While most of the physics propositions would probably bore my reading audience on Keen, I thought the part about optimism was intriguing and has applications personally and romantically.
Neuroscientist Tali Sharot of University College London studies "the optimism bias": people's tendency to generally overestimate the likelihood of positive events in their lives and underestimate the likelihood of negative ones.In the show, Sharot does an experiment in which she puts a man in a brain scanner, and asks him to rate the likelihood that negative events, such as lung cancer, will happen to him. Then, he is given the true likelihood.
When the actual risks differ from the man's estimates, his frontal lobes light up. But the brain area does a better job of reacting to the discrepancy when the reality is more positive than what he guessed, Sharot said.
This shows how humans are somewhat hardwired to be optimistic. That may be because optimism "tends to have a lot of positive outcomes," Sharot told LiveScience. "Optimistic people tend to live longer, healthier, more successful lives," she said, "and the act of positive thinking can be a self-fulfilling prophecy. If you think you're more likely to get promoted, you're more likely to put in more effort and work long hours," Sharot said.
But this slightly distorted view of the world can also be a weakness — a person might continue to smoke because they don't expect to get lung cancer, for example. Being more realistic is important in some cases, Sharot cautioned.
I have seen this phenomena operate as both as a strength and a weakness with precognitive information as I've sited in a few of my previous blogs: Intuition and Destiny and Choices!
Precognitive information about a romantic relationship or career move can cause a customer to be more motivated, putting more energy into a relationship or longer hours in at work, thus leading to a more loving relationship or a promotion at work. However, precognitive information can also lead them to become lazy or careless.

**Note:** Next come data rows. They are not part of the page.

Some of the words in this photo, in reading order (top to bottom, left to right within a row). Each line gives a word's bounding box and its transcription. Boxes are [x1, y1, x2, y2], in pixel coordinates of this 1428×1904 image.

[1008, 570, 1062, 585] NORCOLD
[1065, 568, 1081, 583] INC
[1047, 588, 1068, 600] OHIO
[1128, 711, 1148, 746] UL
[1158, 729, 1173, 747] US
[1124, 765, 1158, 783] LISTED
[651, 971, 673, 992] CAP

As Dr. Donna, a fellow Advisor, once remarked: she told a customer that she was secure in her relationship with a man; that they would definitely be together. So the customer mistakenly felt too secure and called the man in question and told him off in colorful metaphors! That action, unfortunately, changed the outcome and the relationship never flourished.
Always take precognitive information in the most positive and action-oriented way you can. Make the best of it or at least, reduce the negatives. Even if your Advisor doesn't remind you to do so, always ask yourself how you can make the most out the information they give you.
Remember to STAY POSITIVE, and realistic!